*ASSIGNMENT*:
Repeat exactly, and only, the lines running from the one that holds "this 1200×1600 image." to the end of the records.

*RECORDS PROVIDED*:

↓↓↓

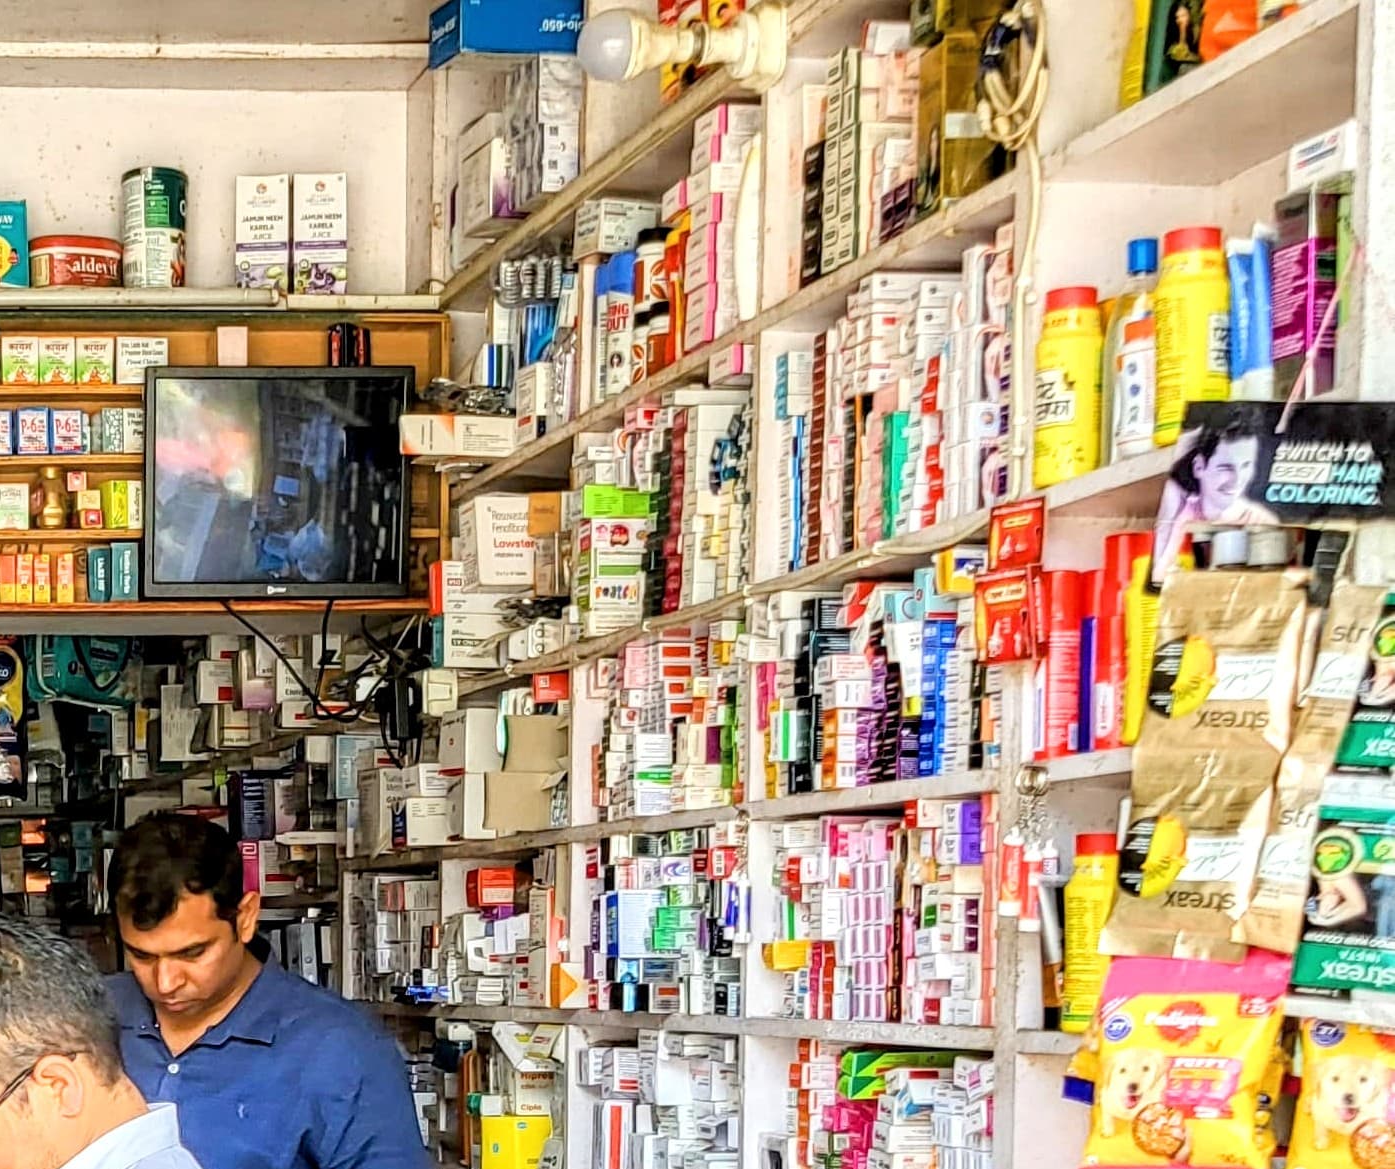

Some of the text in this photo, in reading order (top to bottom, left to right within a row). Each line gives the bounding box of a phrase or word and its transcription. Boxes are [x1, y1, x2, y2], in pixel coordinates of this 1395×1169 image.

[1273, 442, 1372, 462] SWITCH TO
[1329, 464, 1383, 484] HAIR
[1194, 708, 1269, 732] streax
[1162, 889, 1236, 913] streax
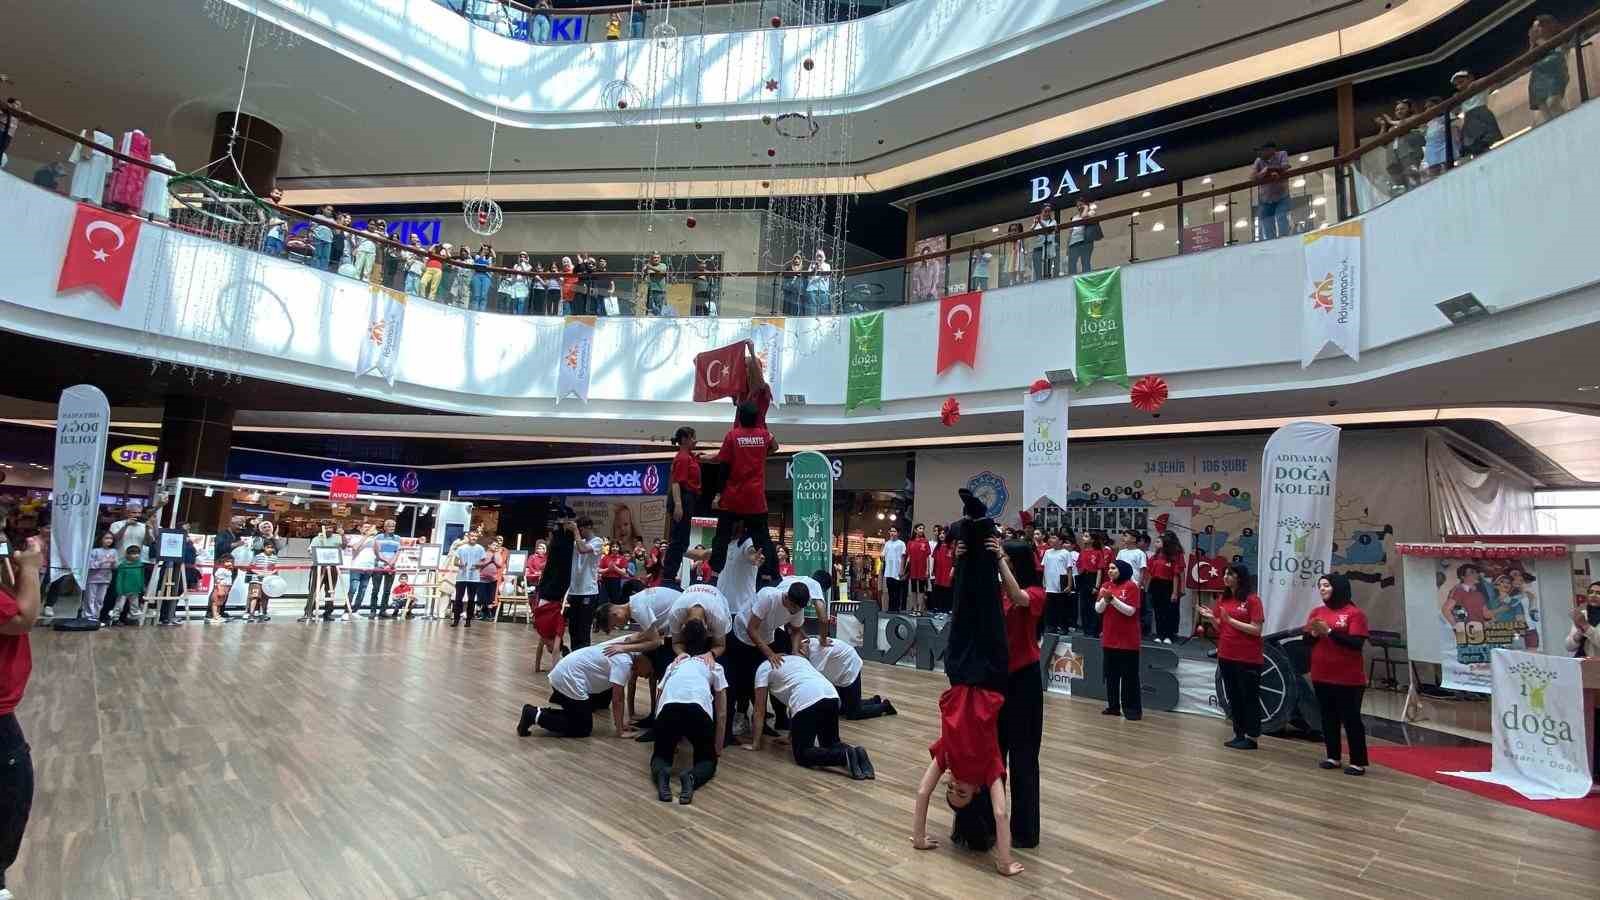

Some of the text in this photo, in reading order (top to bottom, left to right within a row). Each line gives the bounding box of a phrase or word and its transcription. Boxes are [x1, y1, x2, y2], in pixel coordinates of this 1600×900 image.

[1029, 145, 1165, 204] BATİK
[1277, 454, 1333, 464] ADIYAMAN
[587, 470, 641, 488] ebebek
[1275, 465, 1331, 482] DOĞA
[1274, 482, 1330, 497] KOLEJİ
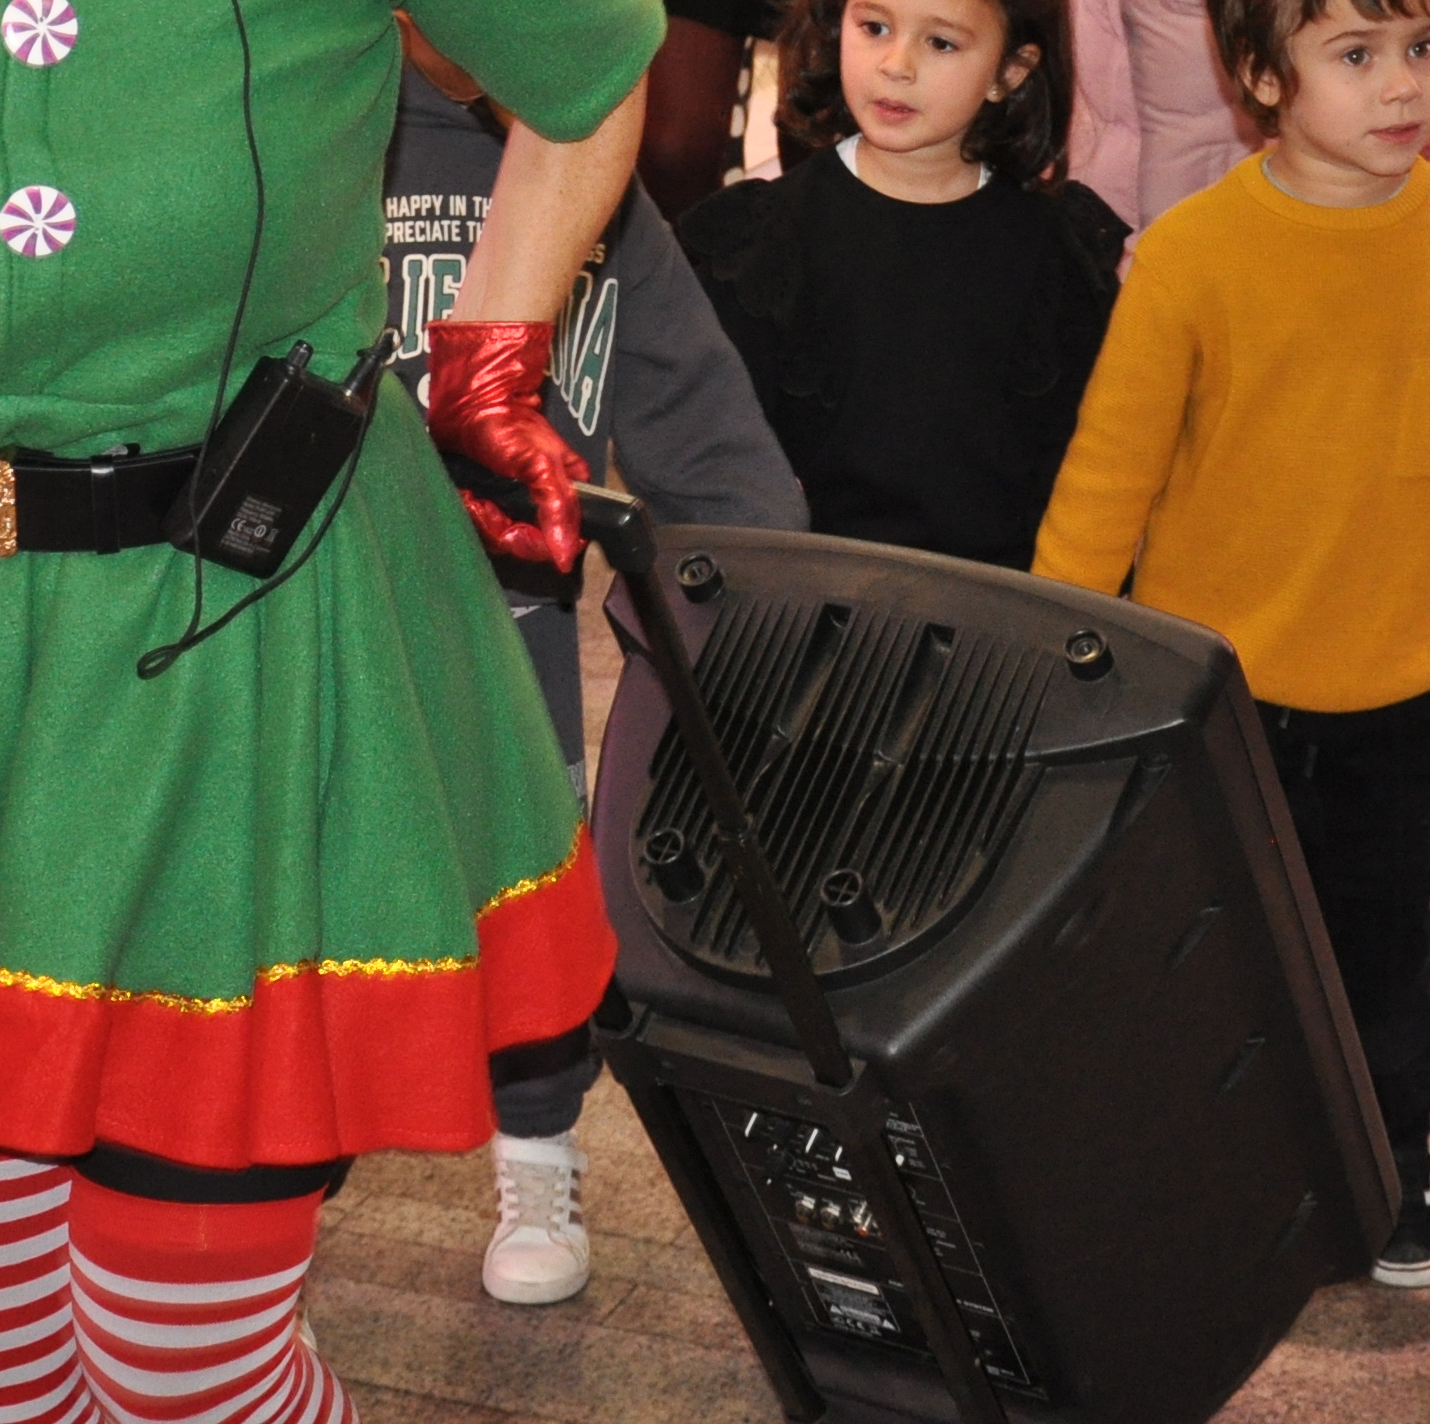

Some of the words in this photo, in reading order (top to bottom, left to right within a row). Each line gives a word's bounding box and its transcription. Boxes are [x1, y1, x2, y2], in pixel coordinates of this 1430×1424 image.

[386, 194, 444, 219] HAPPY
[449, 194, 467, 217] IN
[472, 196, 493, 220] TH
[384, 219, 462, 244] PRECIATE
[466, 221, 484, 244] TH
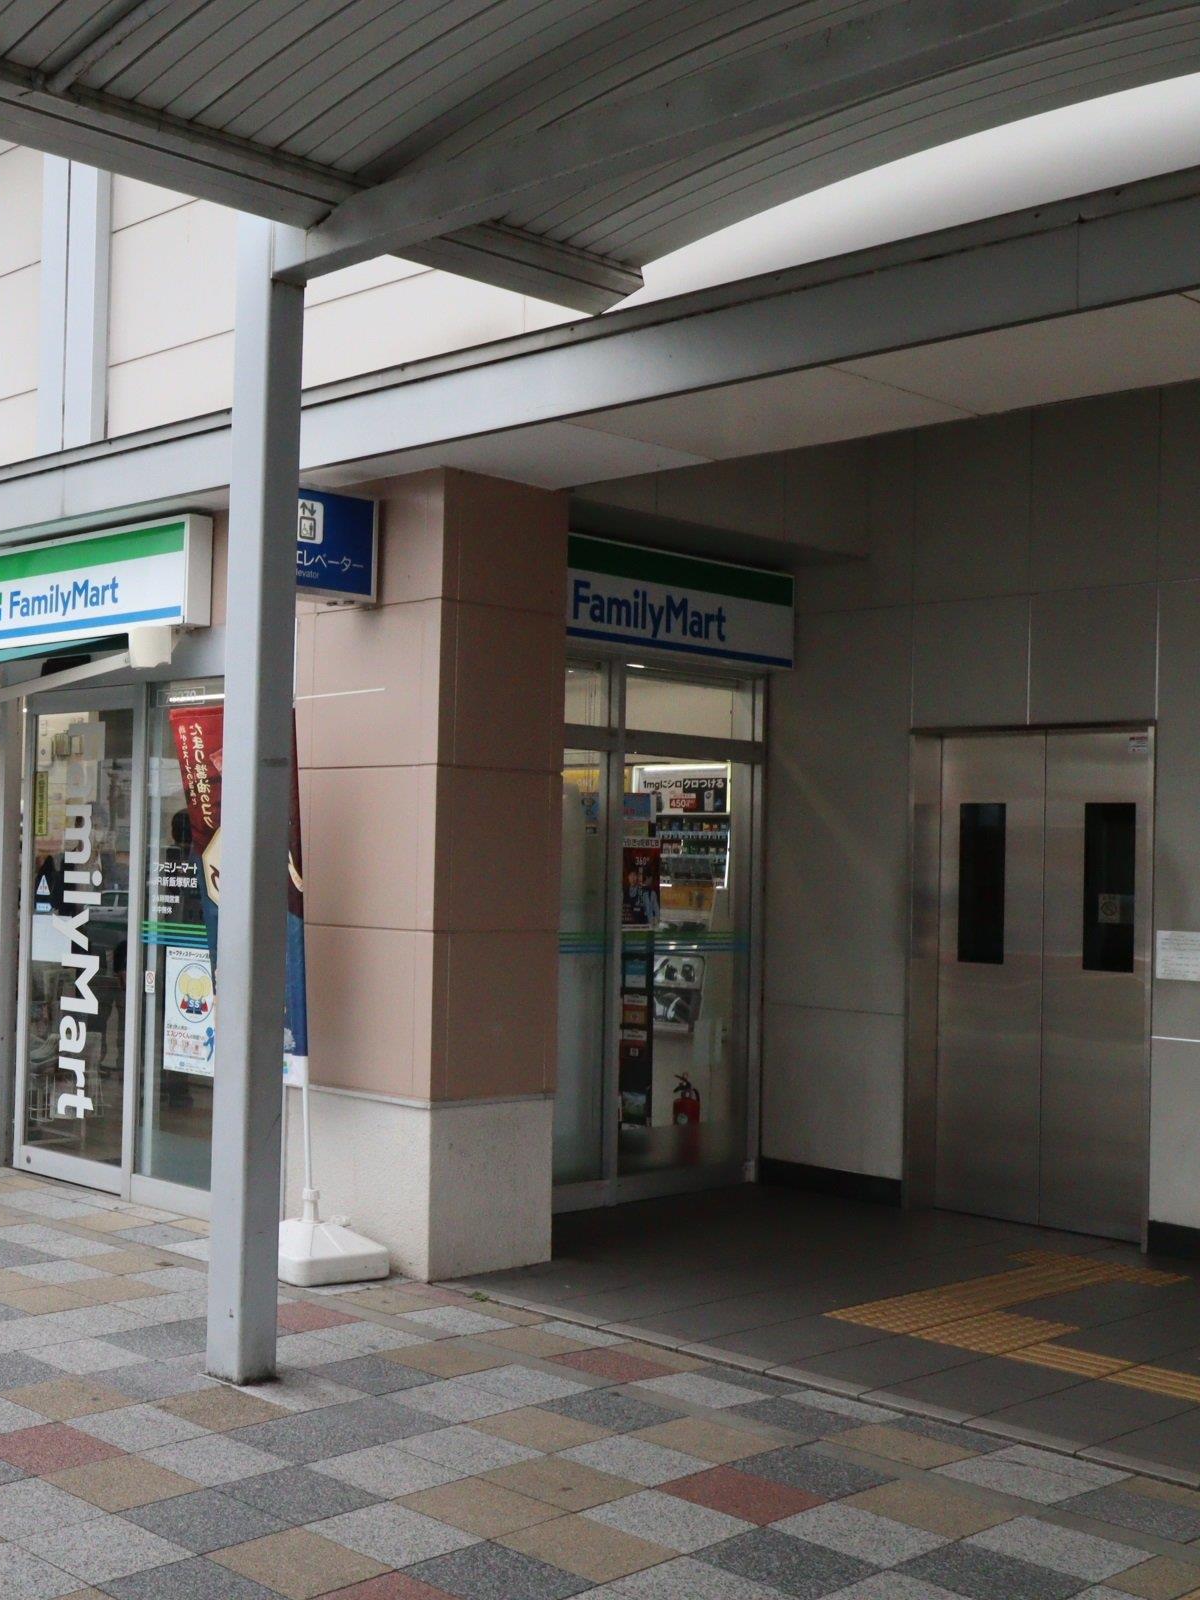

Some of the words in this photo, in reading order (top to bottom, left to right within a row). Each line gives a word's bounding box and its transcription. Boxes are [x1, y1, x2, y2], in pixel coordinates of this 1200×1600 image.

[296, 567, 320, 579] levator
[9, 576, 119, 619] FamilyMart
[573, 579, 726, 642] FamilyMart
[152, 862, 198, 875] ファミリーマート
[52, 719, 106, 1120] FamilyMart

↑↑↑

*RESULT FOR THIS EXERCISE*:
Some of the words in this photo, in reading order (top to bottom, left to right within a row). Each line gives a word's bounding box and its transcription. Boxes are [x1, y1, x2, y2], in pixel coordinates of this 1200×1600 image.

[296, 567, 320, 579] levator
[9, 576, 119, 619] FamilyMart
[573, 579, 726, 642] FamilyMart
[152, 862, 198, 875] ファミリーマート
[52, 719, 106, 1120] FamilyMart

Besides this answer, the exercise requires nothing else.